Woot Woot all aboard the bury train!!!
WebMasterGuy – thanks for pointing me out because that actually REALLY pisses me off. Looks like I’ve got another topic to write about.
Great post, Brian! Digg is awesome, but I do see a few problems also. I, for one, vote in order to keep track of these great websites that are posted. But what I do from time to time, is keep up the “upcoming stires” tab for a while. Yeh, thgere are some dupes there, but there is also some interesting stories also. Maybe there are two kinds of digg users – 1. those who want to submit stories and want to get noticed, and 2. those who READ the stories and vote (and save the links). Is it not as important to get your posting voted on as it is to still have a awesome conglomeration of websites and stoires to amaze us all?
I’m curuous to see how digg will evolve. They really have somehtijng here, even though it has its flaws.
M
Follow the money, Brian.
Power users work round the clock. What do they do for a living, do you guess?
Take a look at websites getting millions of hits each year from Digg.
Some of those sites are good at self-promotion, I dare say. Maybe they hire some power users to slip them a bone or two? Or maybe those sites ARE power users. Who knows?
Maybe some of the power users are businesses, not people? Maybe some of the power users don’t exist in flesh and blood?
Digg is broken beyond repair simply because what I suggest actually can be done.

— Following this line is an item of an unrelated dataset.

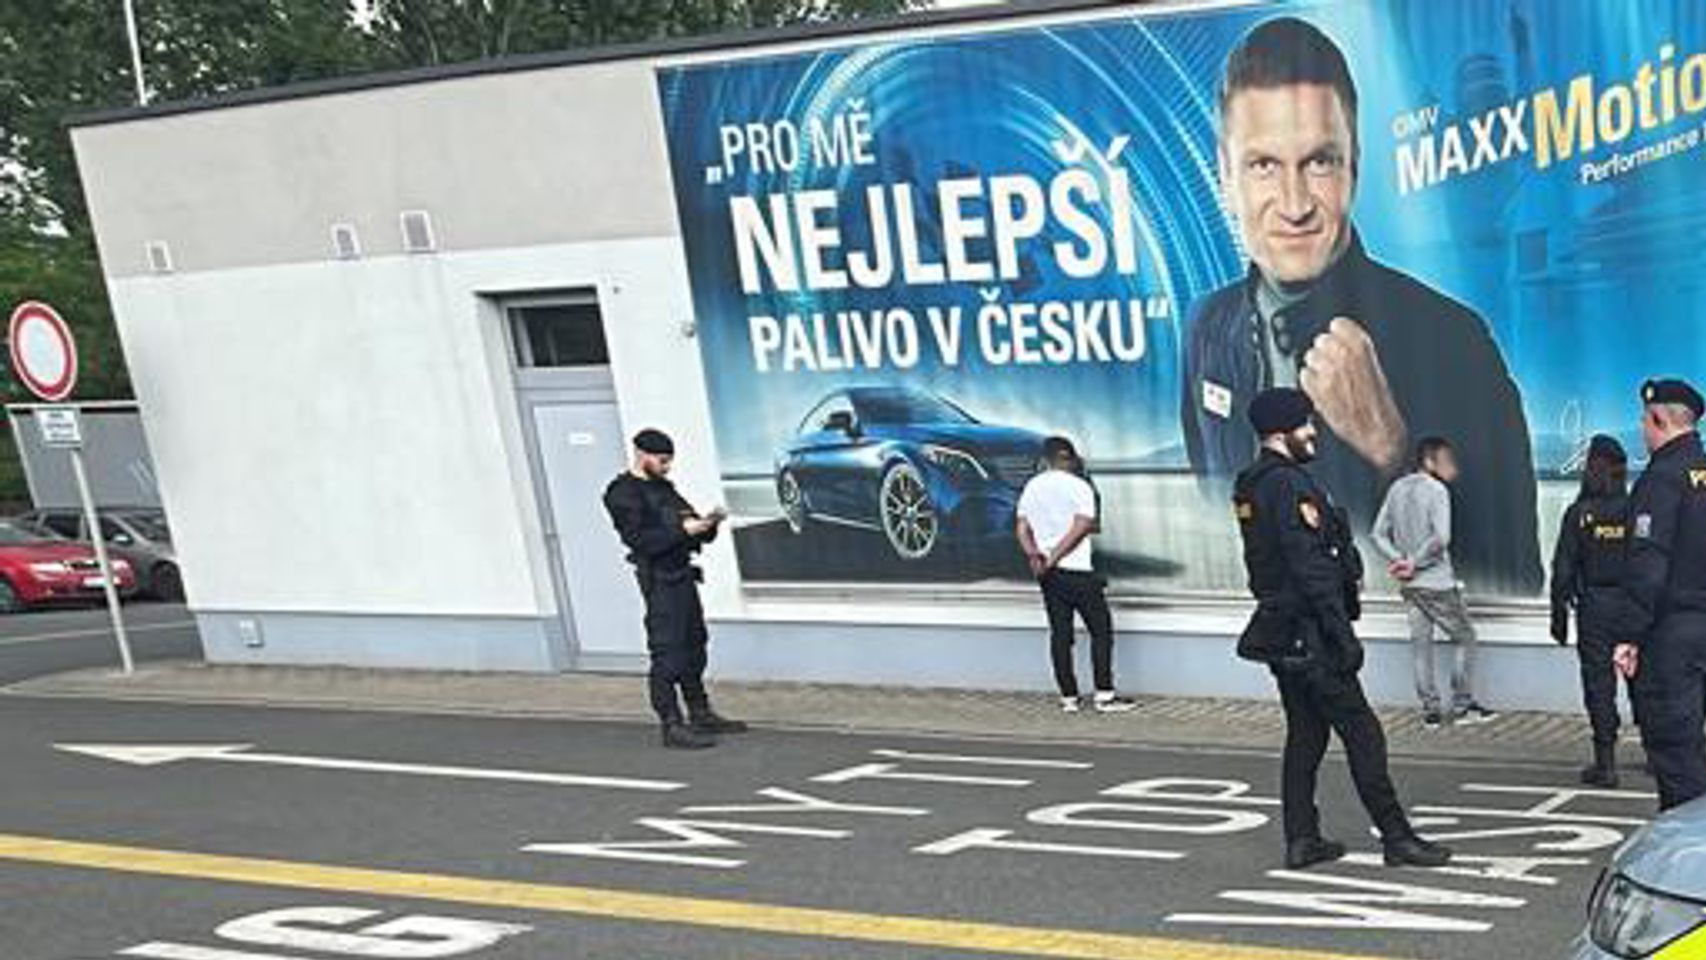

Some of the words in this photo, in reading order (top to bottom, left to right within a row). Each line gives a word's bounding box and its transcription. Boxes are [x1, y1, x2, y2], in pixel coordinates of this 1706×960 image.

Then it’s settled – for those of you who want to start our own little digg clique, send me an email via the contact form at the top of the page and we’ll work something out.
While I’m very active elsewhere, I’m quiet on Digg because (a) I don’t run Linux and (b) I’m a moderately conservative guy who goes to church. That puts me in the viscerally despised category on Digg and the people are just plain mean on any topic–technology, games, politics, whatever. For that reason, Digg will never grow above 1-2% of the internet audience where it stands now.

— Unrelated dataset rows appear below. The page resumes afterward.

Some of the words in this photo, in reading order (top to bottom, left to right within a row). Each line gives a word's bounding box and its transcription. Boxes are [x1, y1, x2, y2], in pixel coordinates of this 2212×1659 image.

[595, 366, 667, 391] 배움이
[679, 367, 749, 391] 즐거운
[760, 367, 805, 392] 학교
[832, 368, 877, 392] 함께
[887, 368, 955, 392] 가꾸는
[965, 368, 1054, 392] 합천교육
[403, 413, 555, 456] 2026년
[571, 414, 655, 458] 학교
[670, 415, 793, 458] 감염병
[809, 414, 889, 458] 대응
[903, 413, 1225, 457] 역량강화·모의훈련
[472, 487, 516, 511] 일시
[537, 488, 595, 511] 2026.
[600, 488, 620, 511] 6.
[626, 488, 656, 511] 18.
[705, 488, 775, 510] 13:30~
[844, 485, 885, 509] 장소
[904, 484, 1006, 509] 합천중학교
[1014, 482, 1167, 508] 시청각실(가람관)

I’m not a noob, either: I’ve been online professionally longer than anyone you’ll ever find: just try and beat 1977. I’ve also managed online community for a couple of the largest internet companies on the planet. You don’t grow a mainstream online audience by insulting huge percentages of it.

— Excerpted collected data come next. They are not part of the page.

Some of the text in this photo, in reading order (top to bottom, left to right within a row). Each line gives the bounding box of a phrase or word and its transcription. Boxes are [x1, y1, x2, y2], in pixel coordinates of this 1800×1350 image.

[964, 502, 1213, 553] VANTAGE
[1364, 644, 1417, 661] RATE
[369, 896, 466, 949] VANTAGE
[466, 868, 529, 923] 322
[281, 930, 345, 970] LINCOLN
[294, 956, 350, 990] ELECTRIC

Well, it looks like this post has run out of steam. Thanks to everyone who dugg it, posted comments, emailed me, etc.
Why not find a way to let advertiser sponser content on digg? Check it out http://www.seobrien.com/2007/04/digg-this-solution-to-black-market-of.html
interesting how this problem doesn’t seem to haunt delicious
This is the same thing I saw on slashdot, a very few members controlled the front page until it was boring to read their narrow view of the tech world.
I don’t think its like a high-school clique at all. Maybe for a few of them. But I think at least 1 out of ever 10 stories on the homepage is put up there by armies of digg bots.
Thats why I prefer delicious than digg.